#77 - How I drive our culture at Homegrown with thoughtful transparency
A raw share originally posted to LinkedIn
Originally posted to LinkedIn here as a “quick write.” Slight edits below.
Last night I had a chance to get to talk to a group of extremely bright, passionate students at Bucknell University about, among many topics, the power of radical transparency in team culture.
I think the way we practice thoughtful transparency at Homegrown is better than what I've seen at other firms. I saw what I thought was broken about these models, mainly that it became an excuse for people to be assholes.
And in their being assholes, they diluted the power of their feedback with the distraction of their tone and un-thoughtful delivery.
At Homegrown, we practice a newer form of radical transparency, but it's not just sharing your views often with blatant disregard for how the message might be taken.... It is warmth amidst candor. It is patience. It looks like:
"Hey, first off you know you're great. You wouldn't be here if I didn't think that. We're capable. But we did not do our job in that meeting. It did not go well... And i'm not feeling great about it."
"I (Michael) just didn't show up effectively. I didn't manage time like I should have, and I was multi-tasking 15 minutes in when a key insight was shared and I missed it. Not good. Not good."
Next time, I think I need to do X, Y, and Z. In particular, I need to make sure i'm giving more space to you, so that your Zone of Genius can show up with more space. What do you think? How wrong am I?"
And I'm co-processing this with my team. I want for them to see me being intensely self-critical, AND I want for them to help me see things I didn't see, because we all miss things. I miss things all the time.

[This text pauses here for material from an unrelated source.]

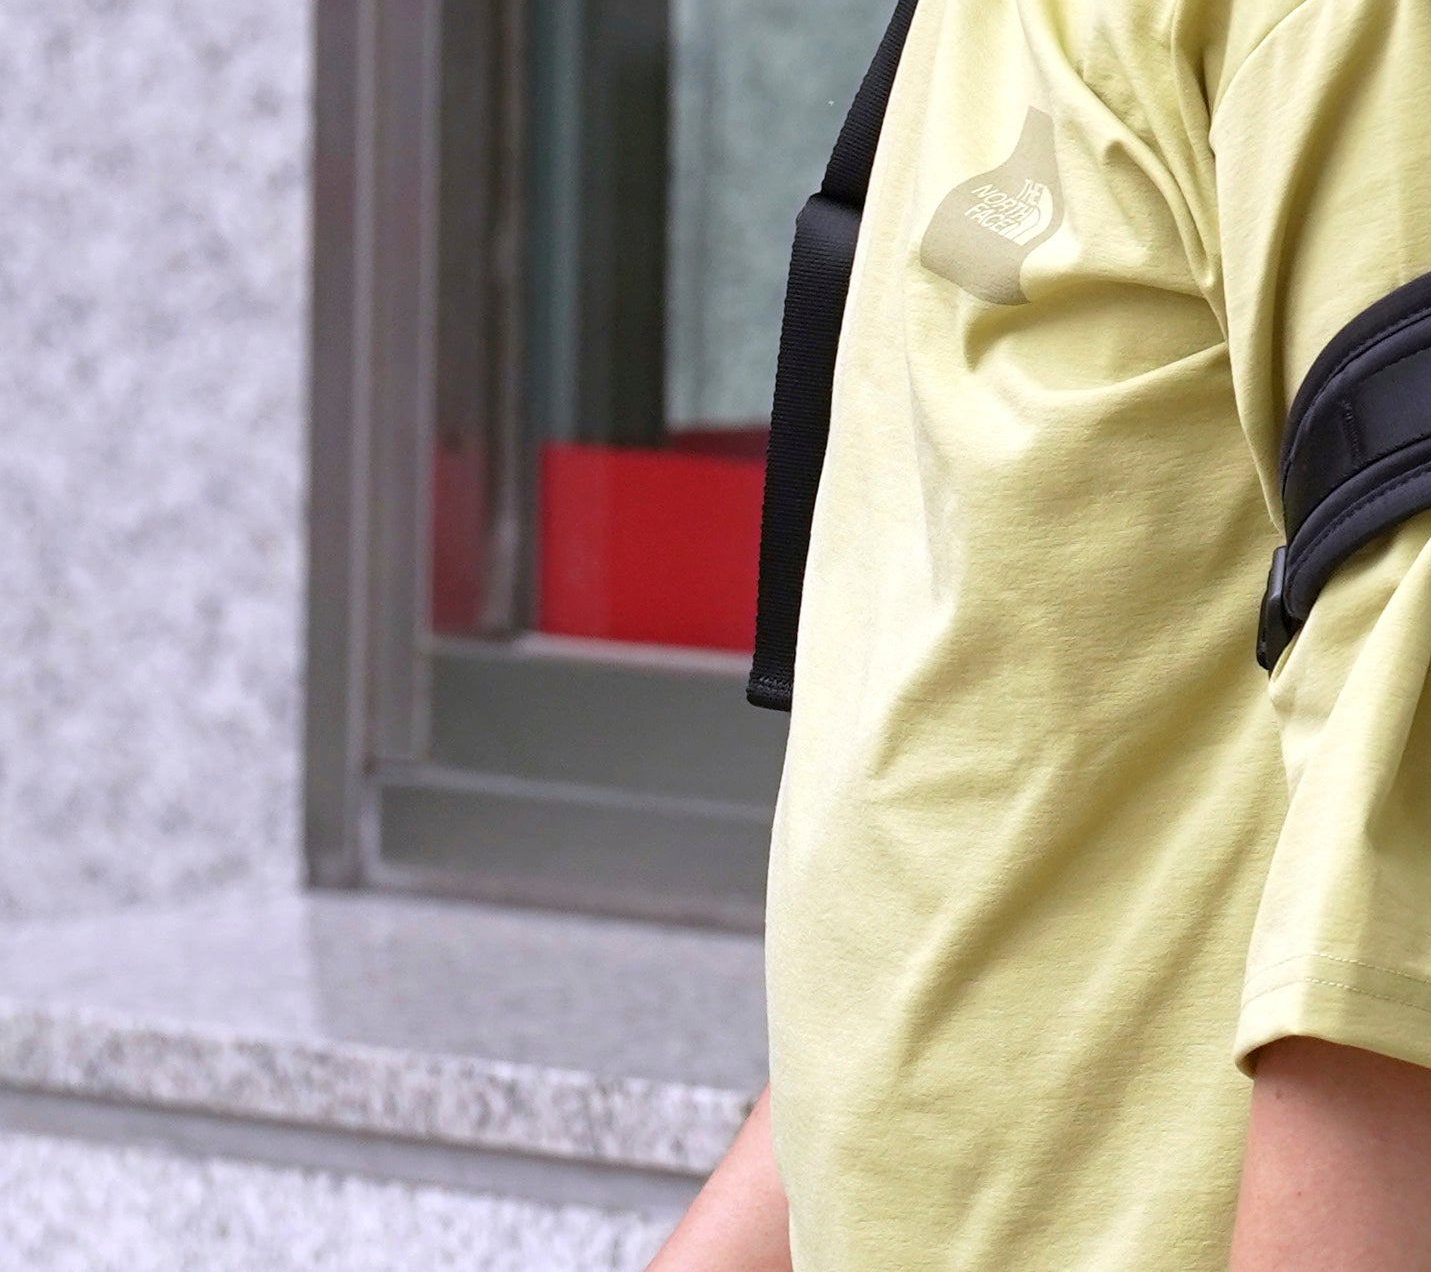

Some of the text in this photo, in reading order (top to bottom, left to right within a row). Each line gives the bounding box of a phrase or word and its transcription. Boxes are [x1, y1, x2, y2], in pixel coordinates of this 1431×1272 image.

All the time.
I'm also giving the same feedback to them regularly. However, it's important to contextualize your feedback. Sure, you can just say, "You sucked there" but that's not really helpful or specific 😀 , and it probably doesn't set the other person up to grow faster. They will waste time feeling toxic emotions instead of focusing "maximum compute" on deeply understanding why they performed below expectations and how they can improve.
Instead, it's reminding people of their strengths while you're GUIDING them on how to improve. It's reminding your colleagues that even world-class athletes have bad matches/games. The best ones don't let a lost game define them, they review the tape, take it seriously, come up with a plan to improve, and then they f*cking do it with no excuses.
Everyone on our team knows this is how we operate. It's not for everyone, but if you get it, you'll grow in ways that simply aren't possible at other places.
And why was I talking to a group of juniors and seniors about this? It's because this style of coaching is so important especially when you're starting a career or having to re-configure your own operating model in a new role / job. This orientation towards feedback is the difference between evolving and winning or stagnating and being left behind.
Note: the session mentioned above was part of a leadership seminar series with Bill Gruver, a legendary professor at Bucknell, and a member of the Open Discourse Coalition. As a side note, I have always enjoyed throughout my life being able to talk to people who have opinions that differ from my own. Safe spaces for real open discourse are increasingly rare, and despite the polarization that happens in the world today, I firmly believe that we need more spaces where people who disagree can talk to each other in ways that are empathetic, respectful, and centered on finding real solutions to hairy problems facing our society.